The InS:PIRE (Intensive Care Syndrome: Promoting Independence and Return to Employment) programme is delivered to patients who have been in intensive care but who have recovered and are well enough to go home.
Dr Lucy Hogg, NHS Fife Consultant in Intensive Care Medicine, said: “Patients who come to intensive care have life-threatening critical illness. Part of the therapy to stabilise and support them can involve a number of invasive procedures, which may be uncomfortable or prolonged.
“For patients who are less than clear about where they are it can be a distressing and emotionally difficult time. The medications that are used to keep patients calm and comfortable can also mean that their perception is distorted and they have a patchy recollection of events, making it difficult for them to make sense of what has happened.
“The InS:PIRE programme seeks to enable and empower patients and their families to manage their rehabilitation from a physical, emotional and psychological perspective.”
Patients are contacted between six and 12 weeks after their discharge, and are invited to attend the five-week programme over consecutive weeks with a family member or carer.
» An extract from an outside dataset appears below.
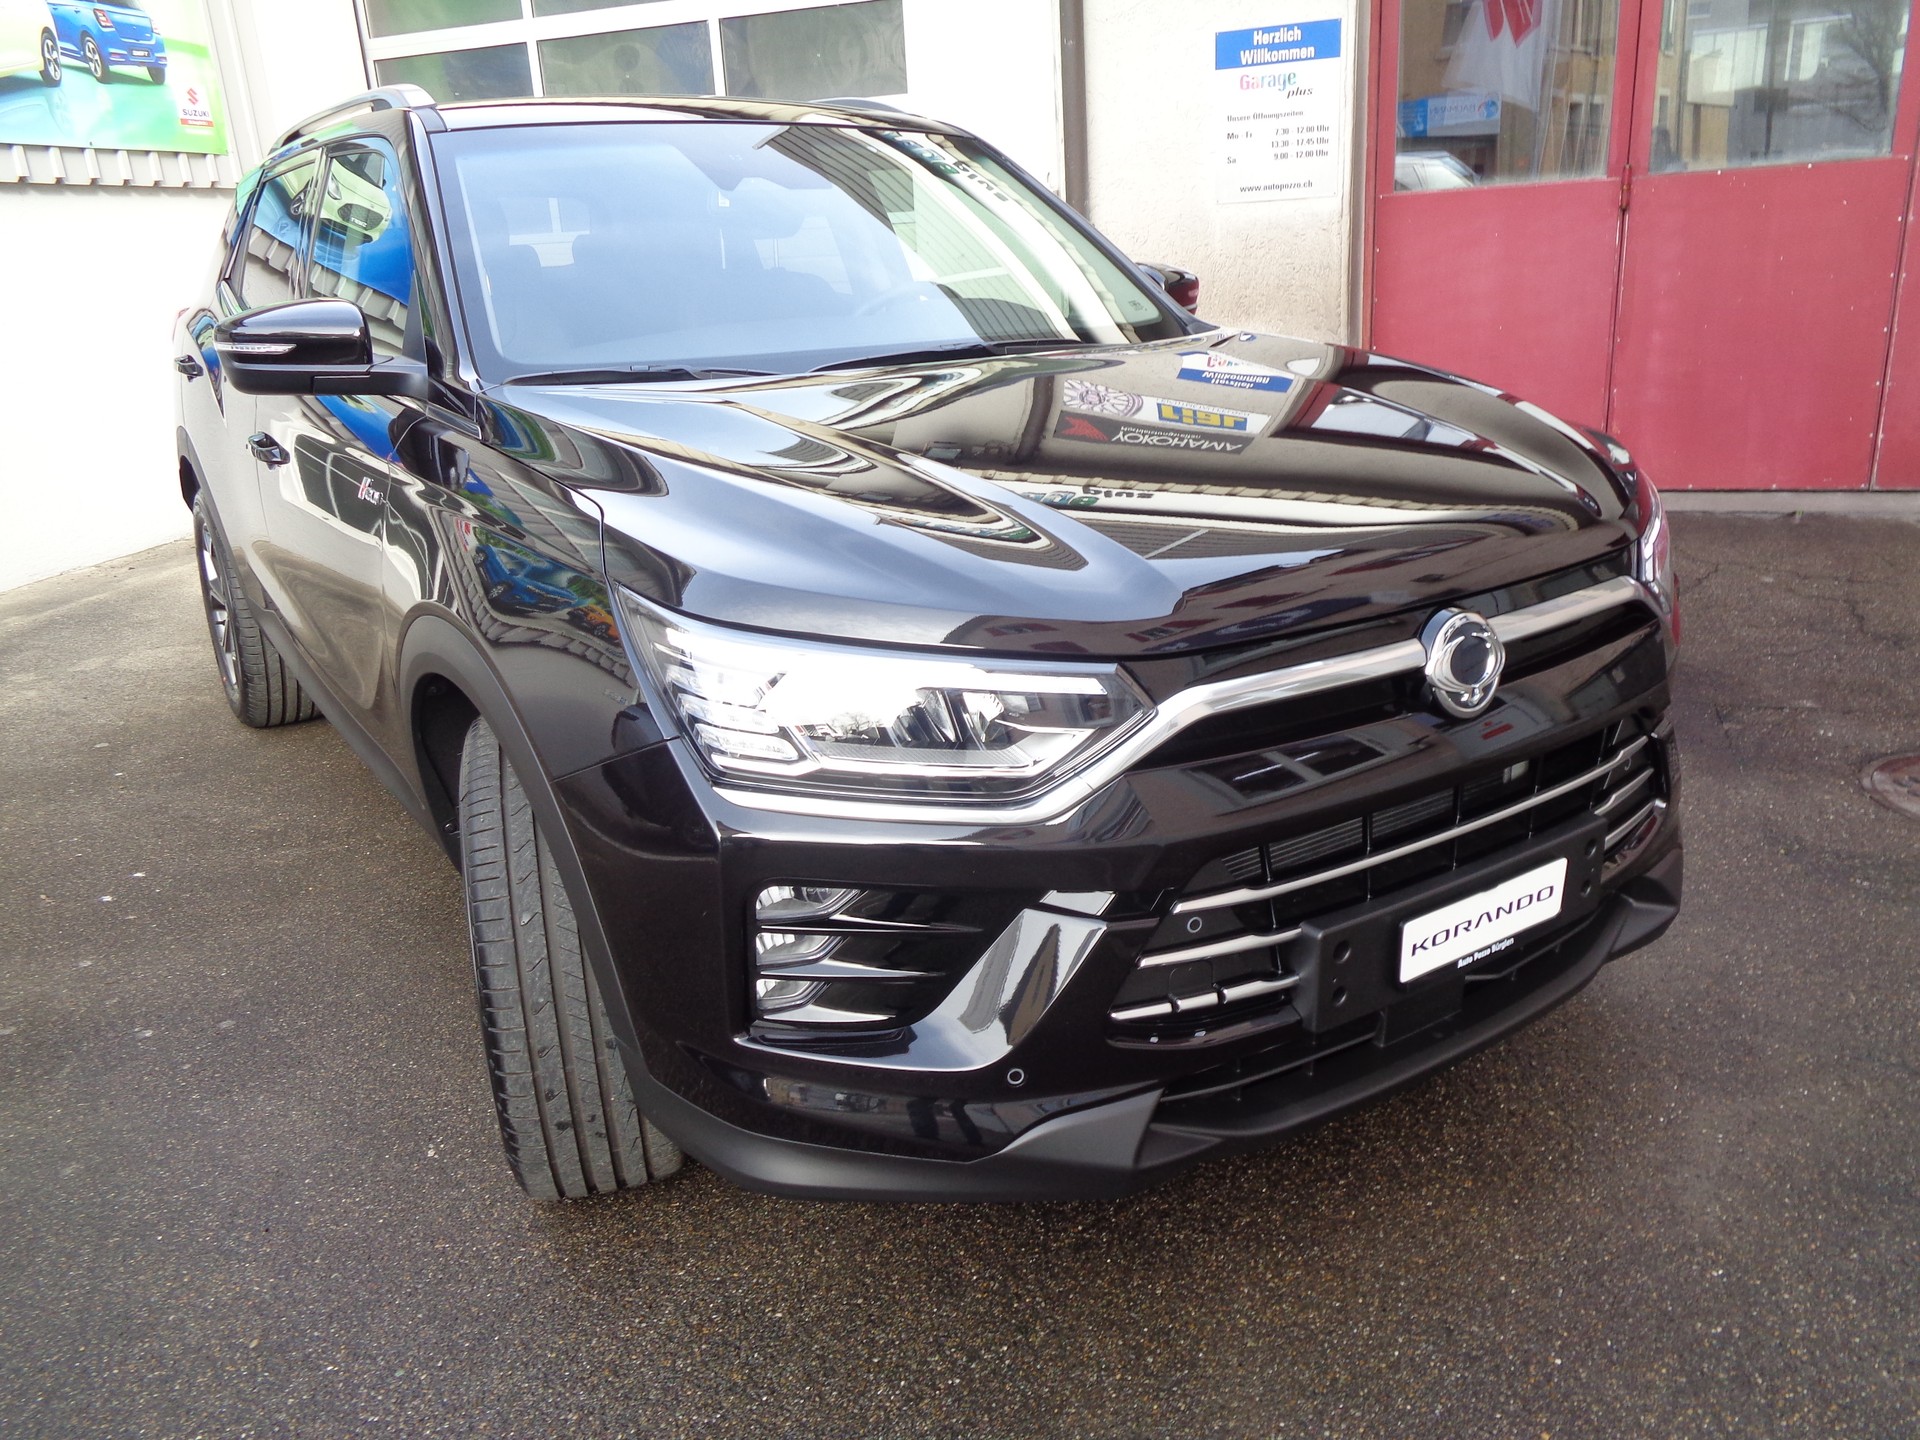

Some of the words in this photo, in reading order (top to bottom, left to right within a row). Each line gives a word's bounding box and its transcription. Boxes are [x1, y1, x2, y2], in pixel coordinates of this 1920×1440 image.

The programme consists of:
- A 1:1 session between the patient and clinical staff involved in their care
- Pharmacist support providing further explanation around medications
- Physiotherapist support, including a group exercise class to assist with rehabilitation
- Clinical psychology group intervention for patients and carers, helping people to discuss the difficult feelings and emotions they have experienced
- Peer support and cafe – providing an opportunity to speak to volunteers and other members of the group who have also experienced intensive care as a patient or family member
On completion of the programme patients are signposted to services in their community providing further support.
Grant Fenton (26), from Glenrothes, is just one of the patients who has been supported by InS:PIRE.
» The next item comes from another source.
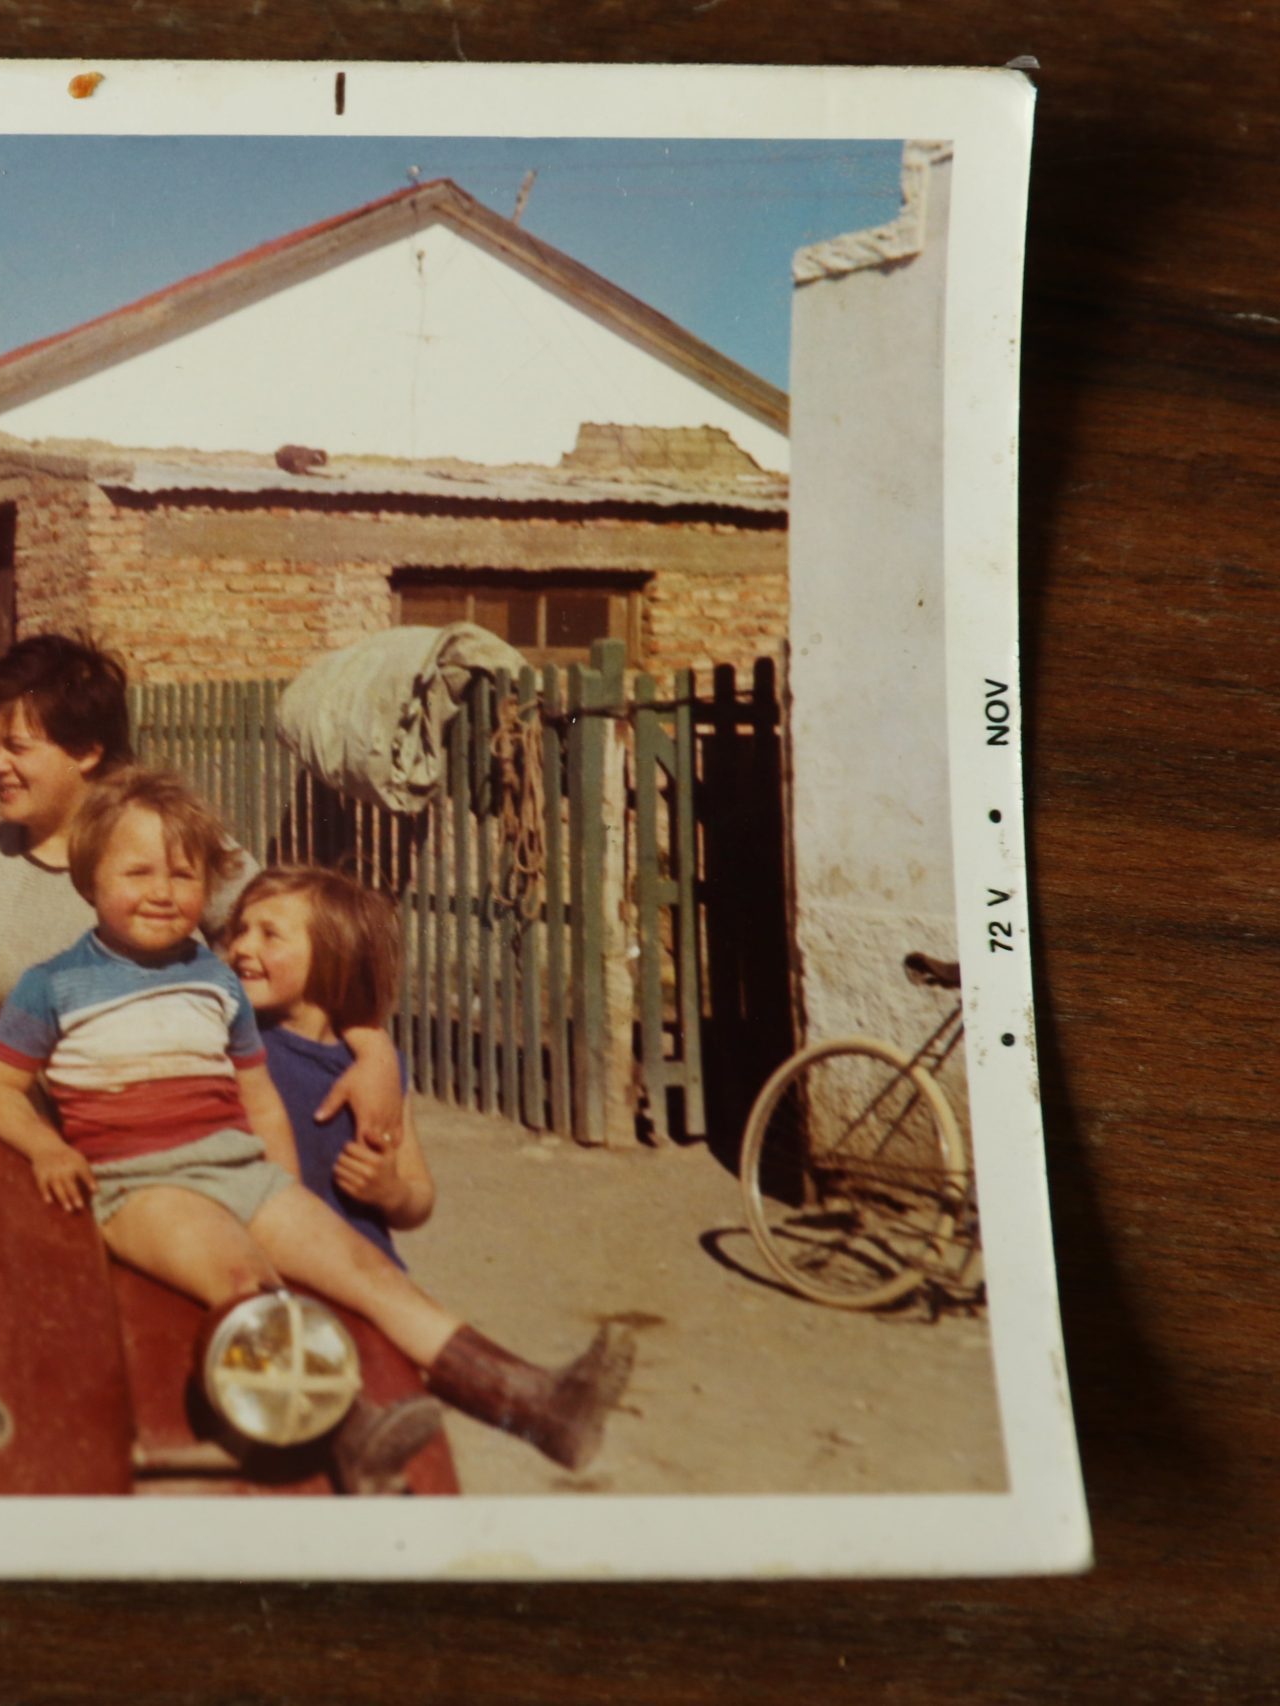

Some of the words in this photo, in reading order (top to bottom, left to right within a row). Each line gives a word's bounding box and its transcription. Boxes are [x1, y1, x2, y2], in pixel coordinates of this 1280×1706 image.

[984, 678, 1010, 746] NOV
[986, 888, 1012, 907] V
[987, 921, 1014, 953] 72
In February 2018, Grant was diagnosed with sepsis, resulting in the loss of his right leg and kidney failure.
He said: “I was in intensive care for three weeks and in hospital for almost three months altogether. I clearly remember the hallucinations and delirium, which tricked my brain into thinking I was somewhere else.
“The hallucinations affected for me for a long time. I often had nightmares and panicked remembering everything that had happened.
“At first I wasn’t too sure about InS:PIRE, I was out of hospital and wanted to stay out, but my mum persuaded me to go and I’m glad I did.
“InS:PIRE was absolutely amazing, and I can’t praise it highly enough.
“The first day I went I met staff who had looked after me and that was so helpful. I clicked instantly with other patients who had been in intensive care and was able to talk about what happened and they were able to share their stories too.
“I realised I was only at the beginning of my journey. I was terrified of the future but life is good now – I feel like I have a purpose and have turned negativity into positivity.”
As well as supporting Grant, the programme was also there for his loved ones, including his mother Aileen.
She said: “We thought InS:PIRE would be really good for Grant, it seemed a very positive programme.
“Flashbacks and trauma were building up and he was struggling to deal with what had happened. He couldn’t talk about it and couldn’t break the cycle.
“We attended the programme with him. As a family it supported us to support him.
“InS:PIRE was such a help to us, having coming through the experience we’re in a much more positive place.”
Dr Chris McKenna, NHS Fife Medical Director, said: “Intensive care can be very disorienting for patients. As they recover, not only do patients have to deal with the physical changes which may be the result of a critical illness, there are also a huge range of emotions to process.
“In addition their loved ones have been through a very worrying and anxious time.
“InS:PIRE allows patients and their families to understand and process their experience, and to manage their recovery effectively going forward.”